Now, interest rates have returned to pre-pandemic levels (ranging from about 4% to 7.5%). With the average Kentuckian holding approximately $31,000 in federal student debt, this shift is straining household budgets again—especially for borrowers in lower-income regions or those working in public service roles.

Although interest won’t be backdated, it’s a real-time hit. Financial aid offices and loan counselors in cities like Louisville, Lexington, and Bowling Green are seeing more walk-ins as people try to adjust repayment strategies.

2. Fewer Repayment Plans—With New Terms

In 2025, the federal government cut down the number of income-driven repayment plans, eliminating options like PAYE and SAVE. Now, you must choose between:

  • The 10-year Standard Plan (fixed monthly payments), or
  • The new Repayment Assistance Plan (RAP), which caps payments based on income but stretches the term to up to 30 years.
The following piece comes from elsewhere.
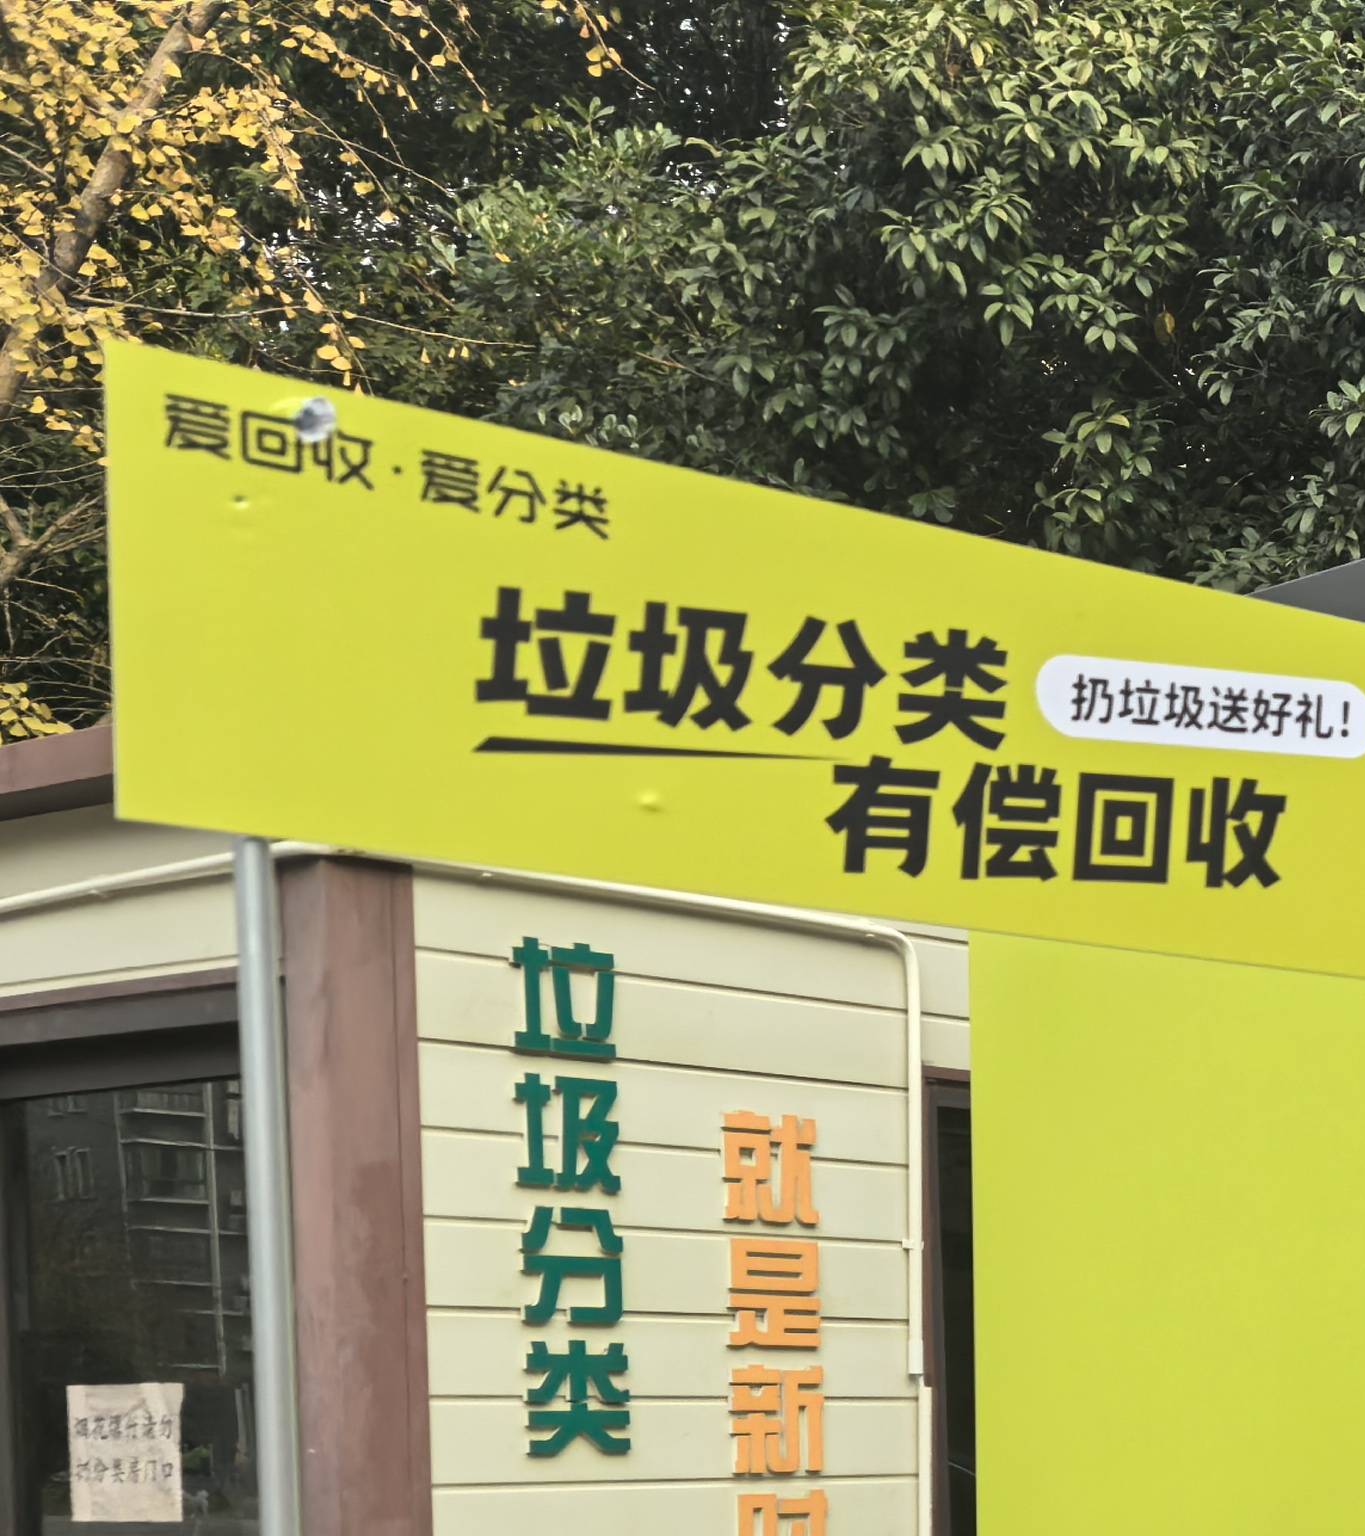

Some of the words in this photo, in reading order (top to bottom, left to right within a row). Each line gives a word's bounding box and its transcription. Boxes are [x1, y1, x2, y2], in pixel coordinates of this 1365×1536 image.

While RAP offers protection against default for lower-income Kentuckians, the extended timeline can be discouraging. Plus, forgiveness under RAP is slower than it was under the old SAVE plan. Borrowers in teaching, nursing, or non-profit work may need to rethink their financial timelines, especially if they were previously counting on earlier cancellation under IDR plans.
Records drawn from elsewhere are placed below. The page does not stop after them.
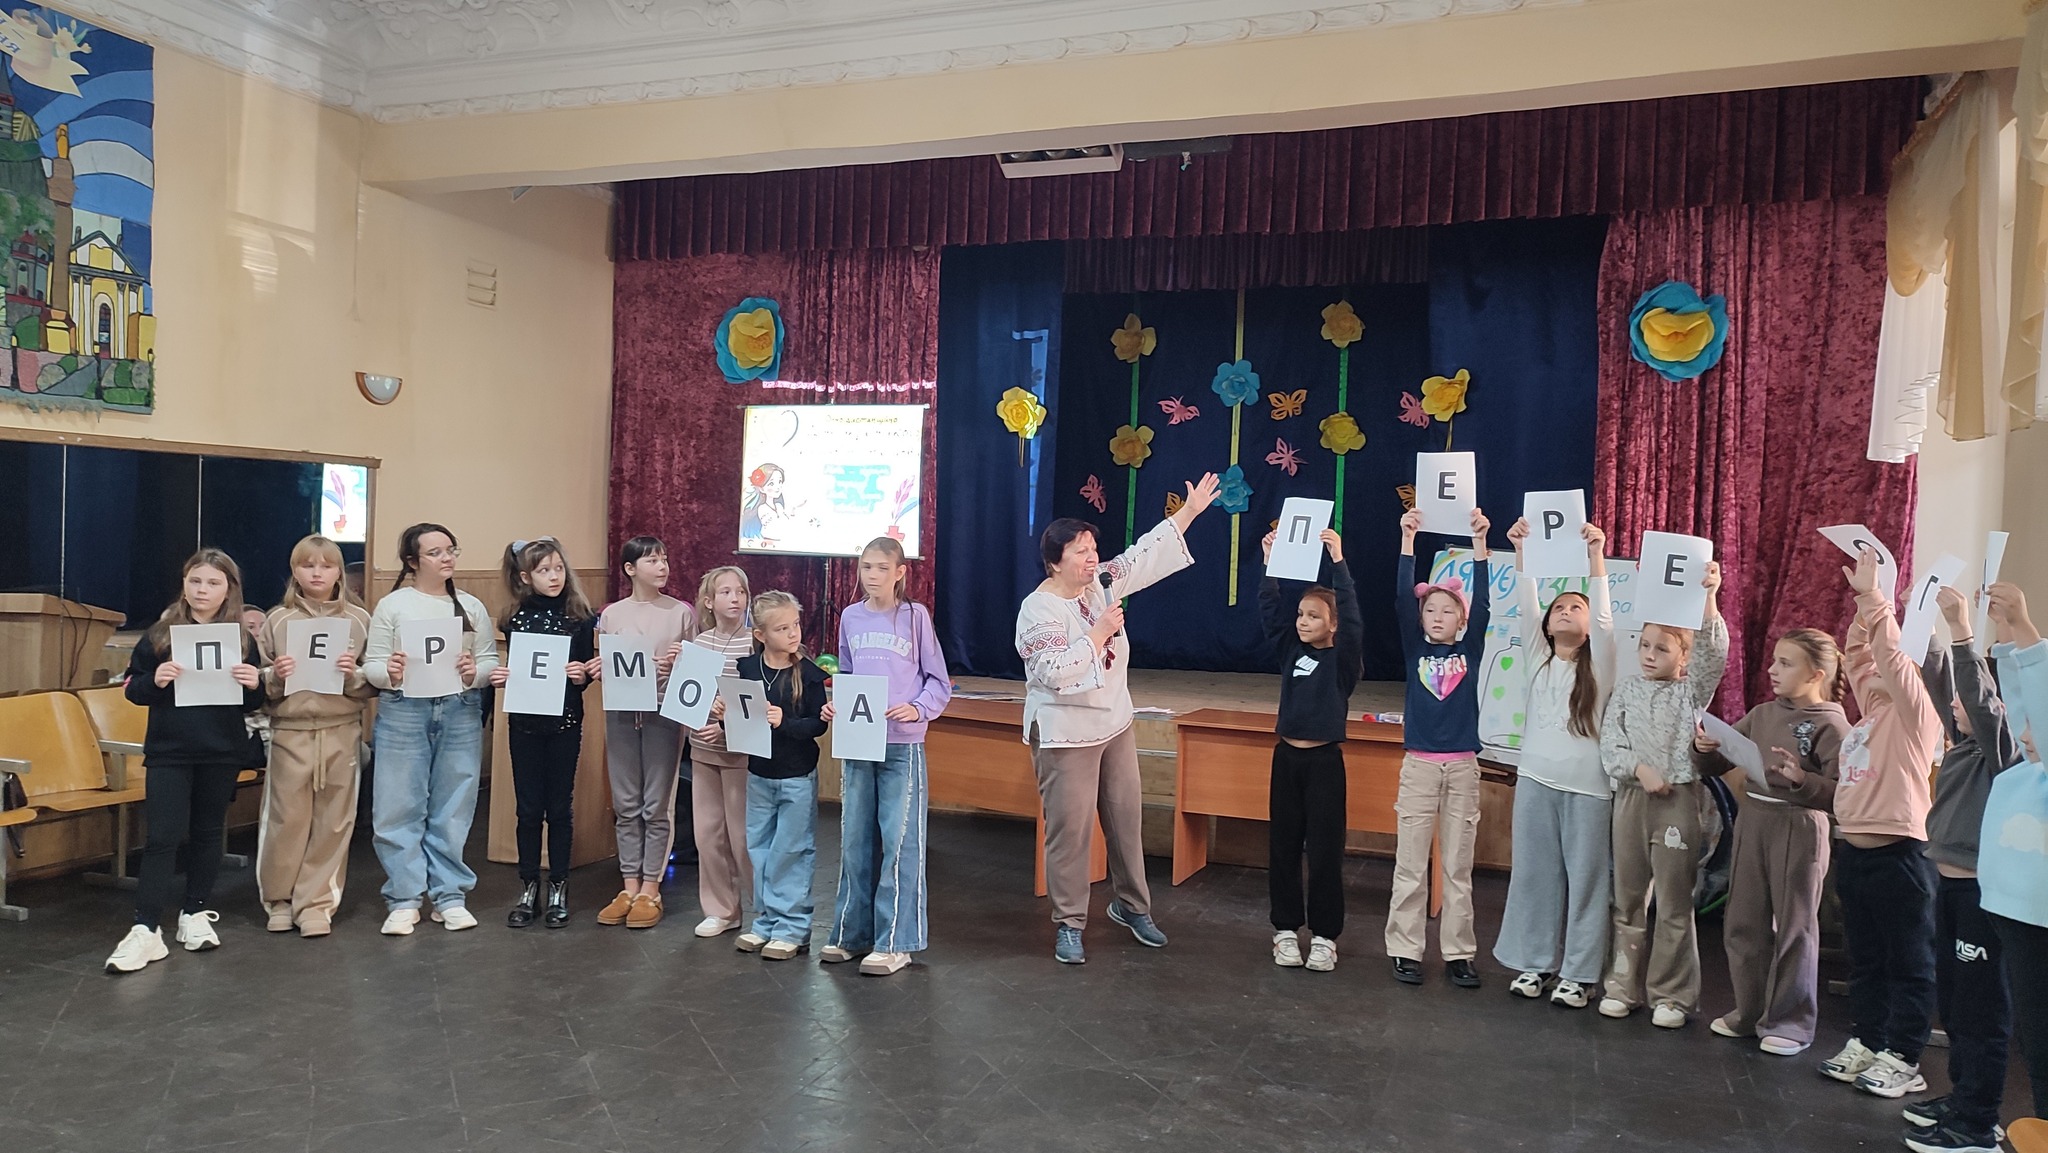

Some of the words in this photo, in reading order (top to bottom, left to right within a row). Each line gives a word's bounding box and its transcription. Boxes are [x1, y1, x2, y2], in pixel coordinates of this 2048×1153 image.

[1439, 472, 1455, 499] Е
[1288, 516, 1311, 544] П
[1543, 511, 1564, 539] Р
[1664, 554, 1687, 586] Е
[196, 642, 221, 670] П
[309, 634, 328, 659] Е
[426, 637, 444, 664] Р
[531, 652, 548, 679] Е
[613, 652, 645, 677] М
[679, 680, 701, 707] О
[739, 694, 752, 719] Г
[850, 694, 873, 722] А
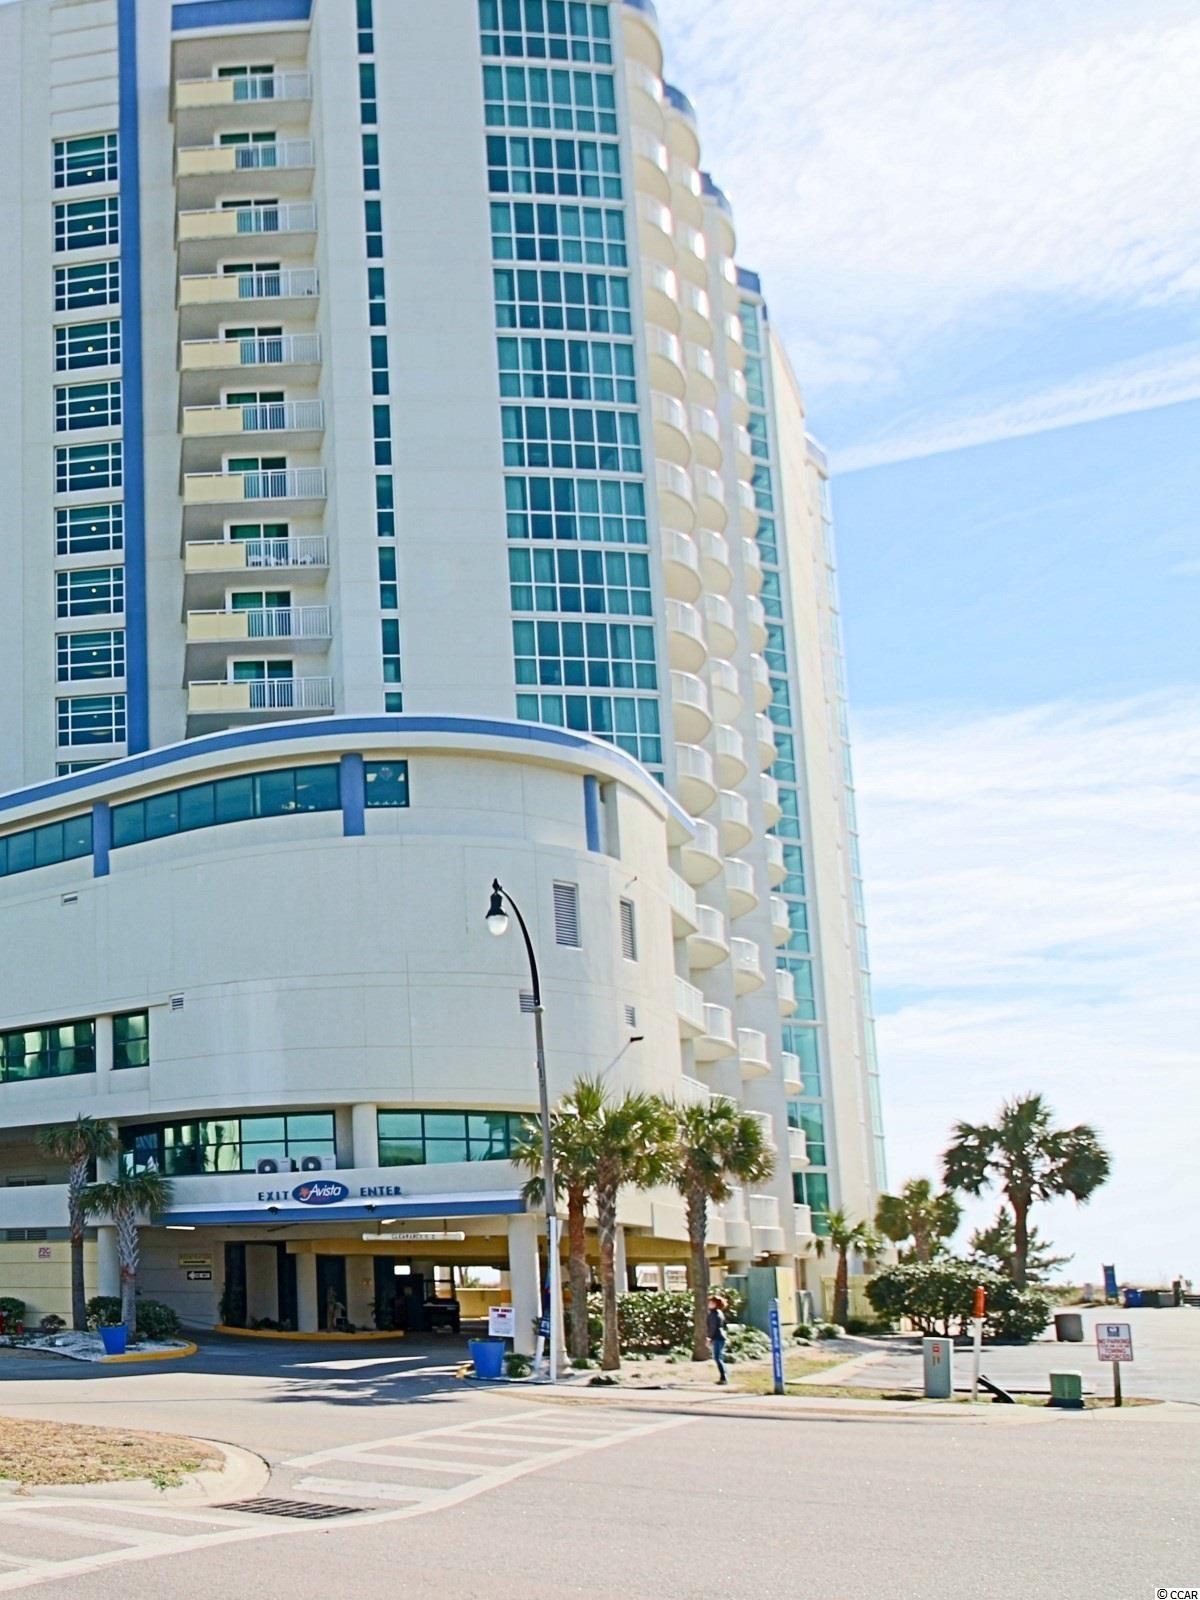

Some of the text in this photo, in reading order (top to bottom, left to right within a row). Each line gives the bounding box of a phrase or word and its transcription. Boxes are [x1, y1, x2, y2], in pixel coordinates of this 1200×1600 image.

[258, 1191, 288, 1201] EXIT
[300, 1184, 341, 1201] Avista
[360, 1185, 402, 1197] ENTER
For new borrowers starting in 2026, RAP will be mandatory.

3. Loan Forgiveness Has Narrowed—Especially for Public Servants

Kentucky has a strong public service workforce—teachers, healthcare workers, and local government employees make up a big slice of the state’s economy. But changes to the Public Service Loan Forgiveness (PSLF) program in 2025 have created new challenges.
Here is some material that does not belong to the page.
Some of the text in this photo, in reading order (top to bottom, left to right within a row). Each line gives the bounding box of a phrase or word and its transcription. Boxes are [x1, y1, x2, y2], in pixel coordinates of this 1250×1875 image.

Now, only payments made under RAP count toward PSLF. This means borrowers still on older plans might be unknowingly wasting months of potential credit. For Kentuckians working in public K-12 schools, health departments, or sheriff’s offices, switching plans is now essential.

Borrowers are encouraged to recertify employment and repayment plans annually, and to stay connected with servicers like MOHELA for accurate PSLF tracking.

4. Default Collections Are Back—And They’re Hitting Rural Areas

Federal collections for defaulted student loans have resumed after being paused since 2020. This means borrowers in default are now subject to wage garnishments, tax refund withholdings, and aggressive collection calls.

Counties in Eastern Kentucky, already facing economic and infrastructure challenges, may see the worst effects. The state has historically ranked high for student loan delinquency and default—making these new collection efforts especially concerning for struggling families.

Local legal aid clinics and community college resource centers are advising borrowers to rehabilitate their loans or consolidate them into RAP as soon as possible.

5. Federal Loan Caps Are Changing How Students Borrow

2025 brought the first-ever hard caps on federal student loan borrowing:

  • Parent PLUS Loans: capped at $65,000 total
  • Graduate Loans: capped at $100,000, or up to $200,000 for medical, law, or veterinary programs

For Kentucky students pursuing professional degrees—especially in medicine, law, or dentistry—these limits are triggering a shift toward private loans, which often carry higher interest and fewer protections.

Families sending kids to private institutions like Bellarmine or Transylvania University are also facing funding gaps. As a result, more students are opting for in-state public colleges or community college transfer paths.

Staying Ahead of the Curve in Kentucky

With sweeping changes reshaping how Kentuckians repay and manage student debt, it’s more important than ever to stay proactive. The 2025 reforms are designed to simplify the system—but in many cases, they’ve added new complexities, especially for those nearing forgiveness or managing multiple loans.

Whether you’re a graduate school borrower in Louisville, a community college student in Paducah, or a public school teacher in Owensboro, keeping track of deadlines, repayment plans, and program eligibility is key.

Tip: Set calendar reminders for income recertification, check your forgiveness progress every six months, and don’t be afraid to contact your servicer if you’re unsure what plan you’re on.

Kentucky may be known for bourbon and bluegrass, but in 2025, it’s also becoming a key battleground in the evolving student loan landscape. Stay informed—and stay one step ahead.